17664 – Engine Coolant Temp Sensor (G62): Open or Short to Plus
P1256 – 35-10 – – – Intermittent
The black sensor on the left is the original VAG item, the one in the middle is the £6 from eBay and the one on the right is from Darkside Developments, made by Beru and cost about £16. All replacements are now green so I’ve read. The cheap one didn’t work properly on my car (ARL engine code) and wasn’t the best fit. The O-ring that comes with it seems to be a bit small and a poor fit although it didn’t actually leak. The other problem was that the coolant temp reading is wrong. Below you can see the 4 pins labelled A, B, C and D. Two are for the ECU and the other two supply the temp gauge on the dashboard.

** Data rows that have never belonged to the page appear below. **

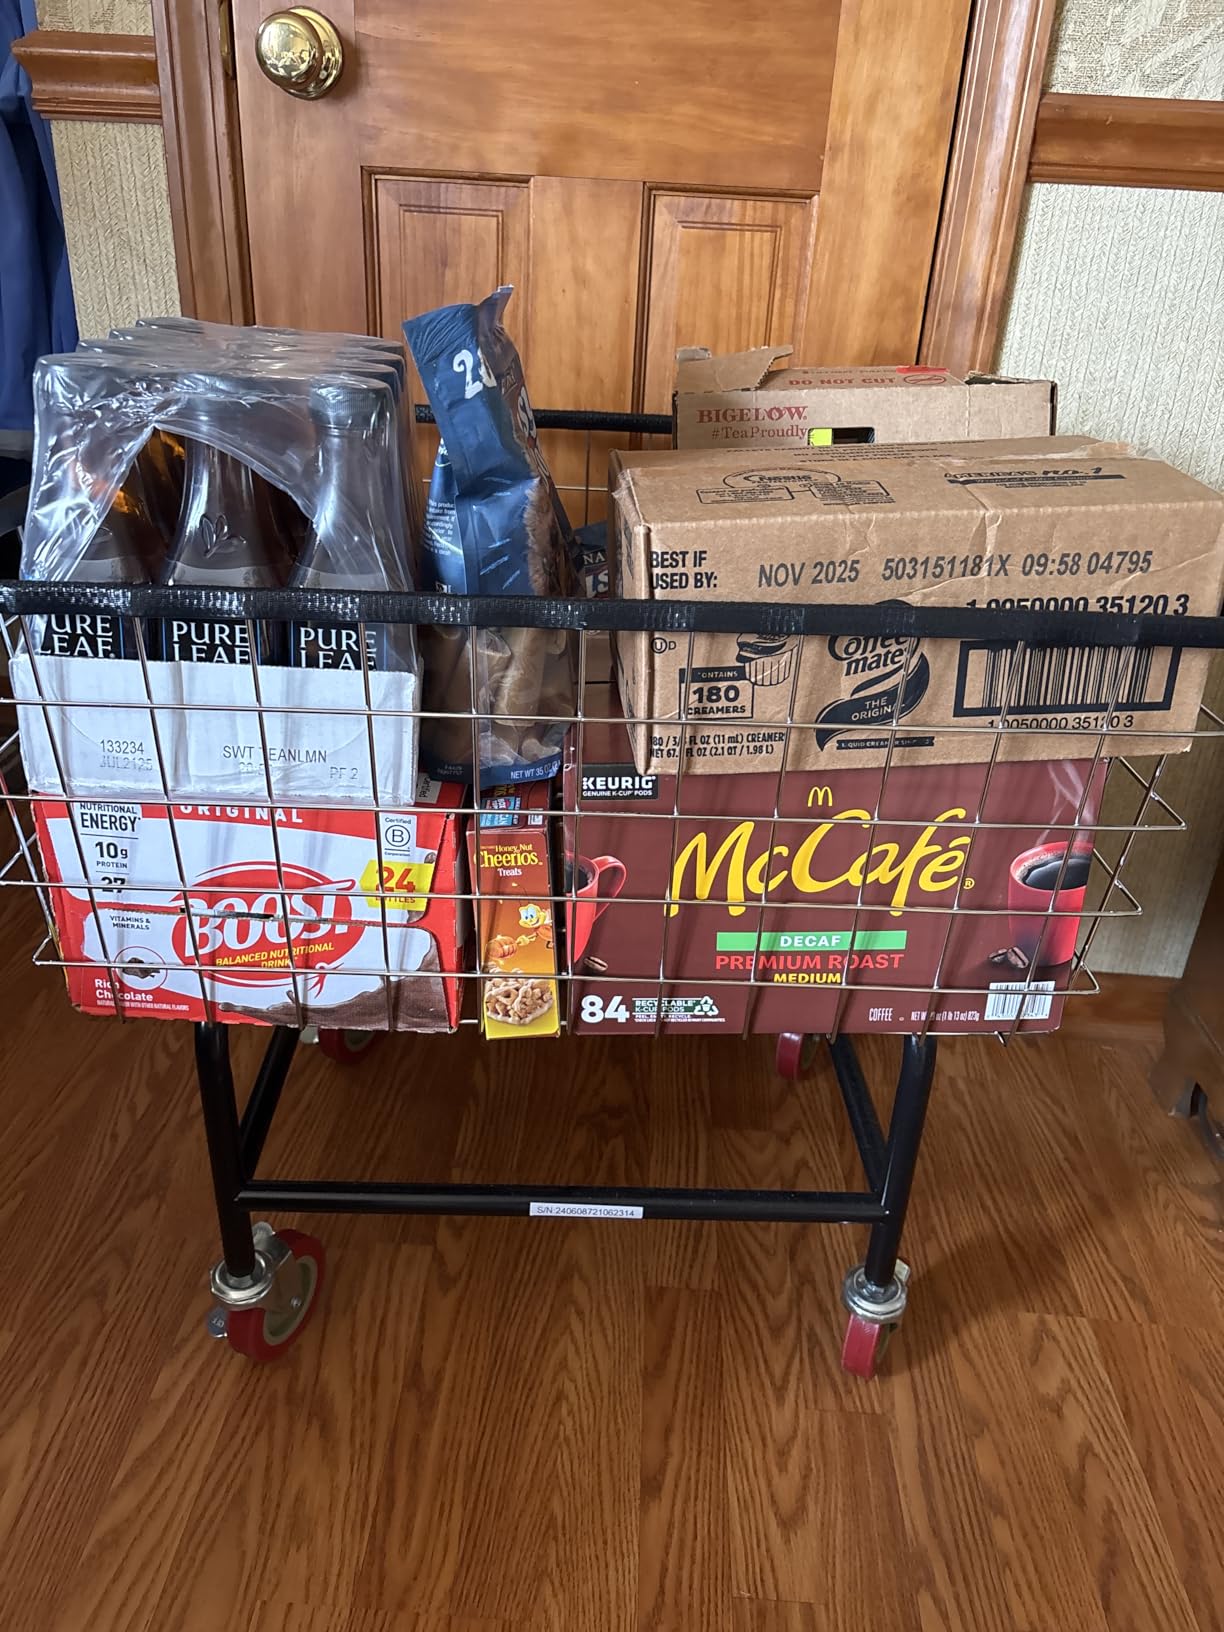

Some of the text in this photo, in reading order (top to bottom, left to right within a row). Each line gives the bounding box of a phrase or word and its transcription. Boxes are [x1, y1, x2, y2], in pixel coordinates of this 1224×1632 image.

[696, 405, 808, 424] BIGELOW
[711, 425, 808, 441] #TeaProudly
[651, 550, 707, 568] BEST IF
[758, 550, 1153, 588] NOV 2025 503151181X 09:58 04795
[650, 571, 718, 589] USED BY:
[1095, 595, 1168, 616] 35120
[1173, 593, 1190, 617] 3
[50, 614, 113, 637] URE
[172, 620, 250, 646] PURE
[299, 627, 378, 653] PURE
[845, 646, 908, 677] mate
[692, 684, 740, 704] 180
[687, 705, 746, 715] CREAMERS
[865, 697, 888, 710] THE
[851, 704, 906, 721] ORIGIN
[1124, 714, 1134, 728] 3
[100, 739, 145, 755] 133234
[672, 735, 687, 747] 3/
[701, 734, 710, 745] OZ
[222, 745, 328, 763] SWT EANLMN
[666, 747, 681, 758] 67.
[697, 746, 708, 756] OZ
[710, 746, 725, 757] (2.1
[350, 767, 359, 780] 2
[510, 770, 524, 779] NET
[524, 768, 535, 778] WT
[535, 766, 544, 776] 35
[582, 775, 654, 790] KEURIG
[80, 802, 138, 815] NUTRITIONAL
[80, 812, 138, 833] ENERGY
[384, 817, 412, 825] Certified
[95, 841, 128, 859] 10g
[495, 845, 518, 853] Honey
[519, 844, 533, 852] Nut
[96, 860, 128, 869] PROTEIN
[664, 808, 971, 917] McCafé
[376, 866, 416, 893] 24
[497, 867, 522, 877] Treats
[101, 876, 126, 893] 27
[376, 896, 416, 904] TTLES
[110, 915, 144, 924] VITAMINS
[112, 922, 150, 931] MINERALS
[184, 880, 356, 958] BOOST
[780, 934, 841, 948] DECAF
[216, 942, 335, 967] BALANCED NUTRITIONAL
[716, 953, 905, 971] PREMIUM ROAST
[773, 972, 842, 984] MEDIUM
[96, 989, 153, 1002] Chcolate
[580, 994, 630, 1024] 84
[868, 1007, 893, 1022] COFFEE
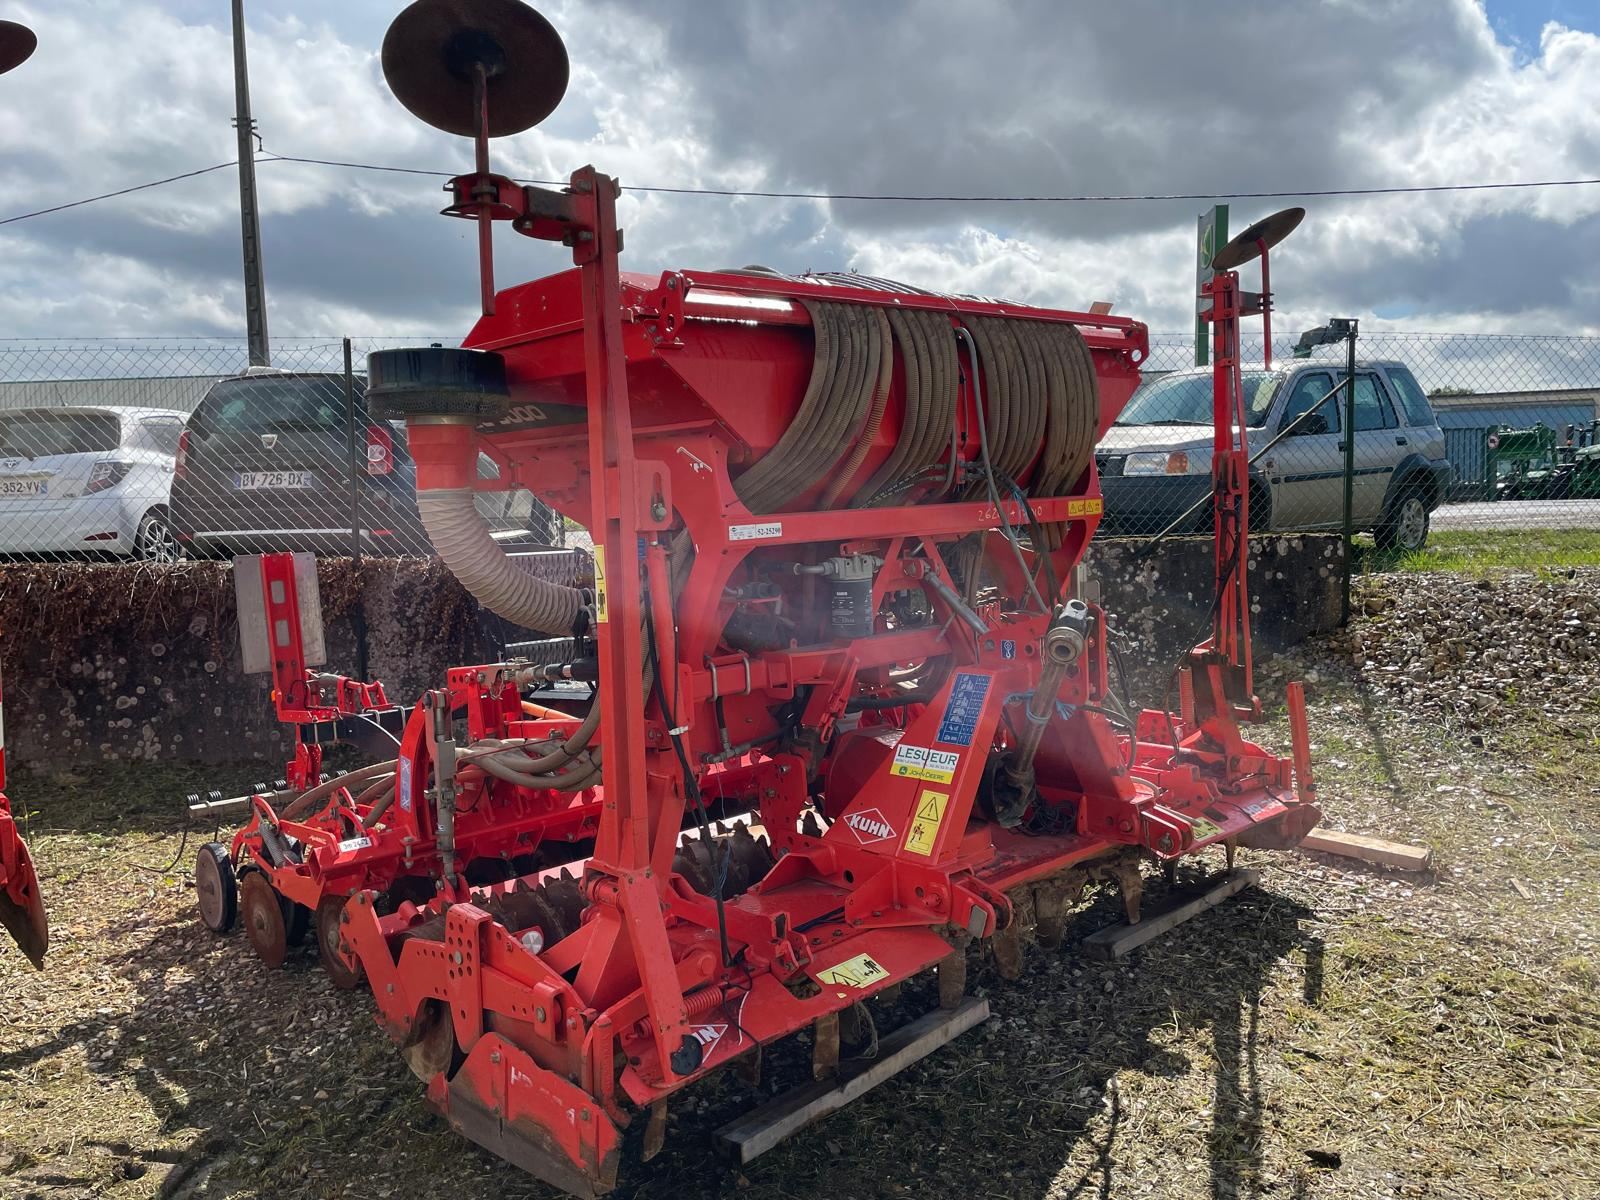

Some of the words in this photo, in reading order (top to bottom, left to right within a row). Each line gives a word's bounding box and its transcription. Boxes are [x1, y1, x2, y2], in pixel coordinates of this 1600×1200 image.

[242, 473, 304, 487] BV-726-DX
[897, 746, 957, 766] LESUEUR
[925, 771, 944, 780] DEERE
[849, 814, 890, 839] KUHN

I took some resistance readings for all three sensors at the same ambient temperature. This is what I found:
Sensor | KΩ: Pins A-B | KΩ: Pins C-D |
Original VAG | 1.2 | 2.6 |
Cheap aftermarket | 2.2 | 3.5 |
Beru aftermarket | 1.1 | 2.7 |
So the cheap sensor, despite being advertised as having the same part number (079 919 501 C), doesn’t fit very well and doesn’t actually work. When the car was fully warmed up, the highest temperature I saw in VAG-COM was about 70°C. The Beru replacement works perfectly and fits better. The coolant temp shows 90°C like it should do now.
The problem originally started with difficulties starting when the engine is cold which I thought was just down to the temp sensor but I think there is more to it than just that. The cold starting problem hasn’t gone away and is worse the longer the car is left. I think that the tandem pump may be leaking and it leaked on to the temp sensor causing the intermittent fault code. This would also explain why it is difficult to start when cold if the car has been sitting and air has slowly made its way into the fuel supply. I have to crank the engine 2 or 3 times on a cold morning before it starts and then it’s fine once warmed up.
So the next item on the Golf is to rebuild the tandem pump or replace it if necessary. The battle continues…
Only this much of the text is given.